As dores urinárias abrangem sensações dolorosas variadas consoante a sua localização e mecanismo: ardor ao urinar, dor suprapúbica entre as micções, dor lombar que se irradia para a virilha ou tensão pélvica difusa que pode sugerir a presença de cálculos urinários. Esta diversidade de quadros reflete causas muito diferentes, que vão desde uma simples irritação local até uma infeção ou um cálculo, o que torna essencial identificar o tipo específico de dor antes de se considerar um tratamento.
Uma sensação de ardor ao urinar, por vezes associada a vontade frequente de urinar e a um desconforto persistente, aponta, na maioria das vezes, para uma cistite, uma inflamação ou infeção da bexiga particularmente frequente nas mulheres devido à proximidade anatómica entre a uretra e a vagina. Esta dor também pode ocorrer na ausência de uma infeção confirmada, devido a uma simples irritação da mucosa uretral.
Uma dor lombar associada a perturbações urinárias deve levar a considerar duas causas principais: a migração de um cálculo urinário, provocando uma dor súbita e intensa denominada cólica renal, ou uma infeção que se propaga até ao rim (pielonefrite), geralmente acompanhada de febre. Ambas as situações requerem uma avaliação médica rápida, sendo que a febre associada à dor lombar constitui um sinal de alerta particular.
Uma dor localizada logo acima do púbis, que se intensifica à medida que a bexiga se enche e é aliviada após a micção, aponta geralmente para uma origem vesical direta. Uma boa hidratação regular ajuda a diluir a urina e a limitar a irritação da parede da bexiga, sem, no entanto, tratar uma eventual infeção subjacente que exigiria um parecer médico específico.
Contrariamente a uma ideia generalizada, nem todas as dores urinárias estão necessariamente relacionadas com uma infeção: uma irritação química (sabonetes perfumados, espermicidas), a secura das mucosas associada à menopausa ou a tensão do pavimento pélvico também podem provocar dores urinárias sem que haja qualquer bactéria envolvida.

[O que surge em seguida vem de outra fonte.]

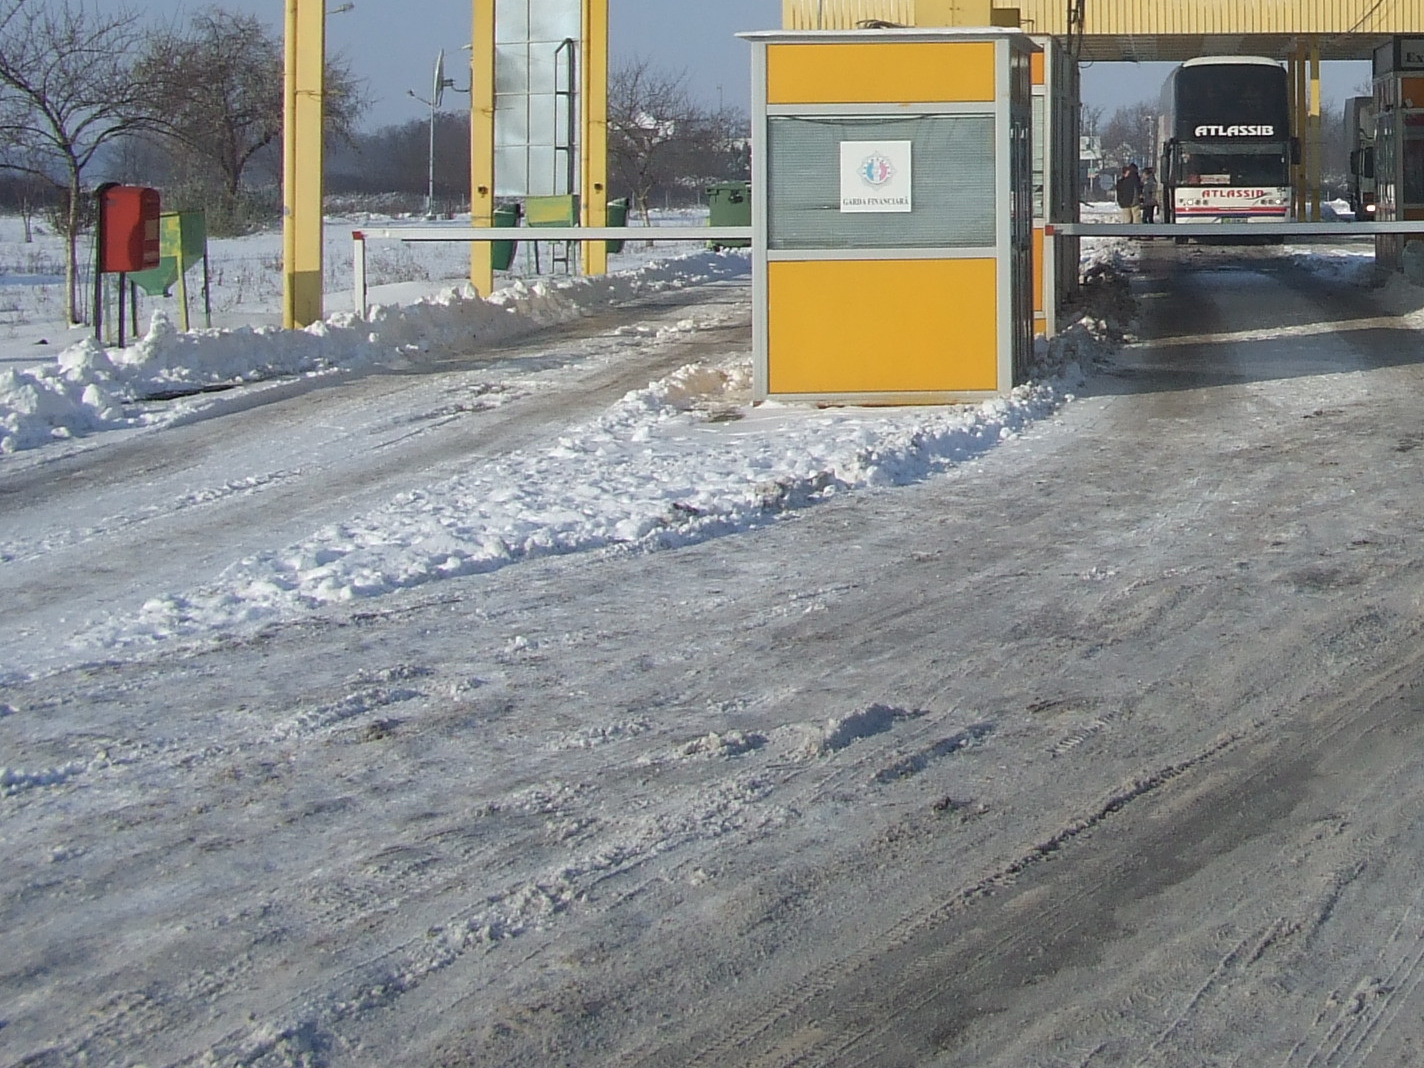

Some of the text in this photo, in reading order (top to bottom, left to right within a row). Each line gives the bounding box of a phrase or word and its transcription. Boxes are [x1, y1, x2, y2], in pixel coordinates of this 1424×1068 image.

[1194, 125, 1275, 137] ATLASSIB
[1201, 189, 1265, 199] ATLASSIB
[843, 195, 909, 206] GARDA FINANCIARĂ

As menstruações dolorosas também podem irradiar para esta zona, o que explica por que razão certas dores persistem apesar de um tratamento antibiótico bem conduzido.
Nas mulheres, certas dores percebidas como urinárias provêm, na realidade, da esfera ginecológica: uma vaginose bacteriana pode irradiar para a região pélvica e ser confundida com uma dor de origem urinária, daí a importância de um exame clínico completo, em vez de se concentrar apenas na esfera urinária.
Enquanto se aguarda um parecer médico, é possível aumentar a hidratação, evitar irritantes locais (perfumes, duches vaginais) e recorrer à reeducação pélvica em caso de tensão muscular pélvica conhecida, sem recorrer à automedicação com antibióticos, que poderia mascarar os sintomas sem tratar a causa real.
É necessária uma consulta de urgência em caso de febre associada a dor lombar, sangue visível na urina, dor intensa não aliviada pelos analgésicos habituais ou impossibilidade de urinar. Fora destas situações de urgência, qualquer dor urinária que persista para além de alguns dias justifica uma consulta agendada, sendo que as medidas de alívio fazem parte de uma abordagem global de conforto urinário, como complemento e não como substituto de um diagnóstico.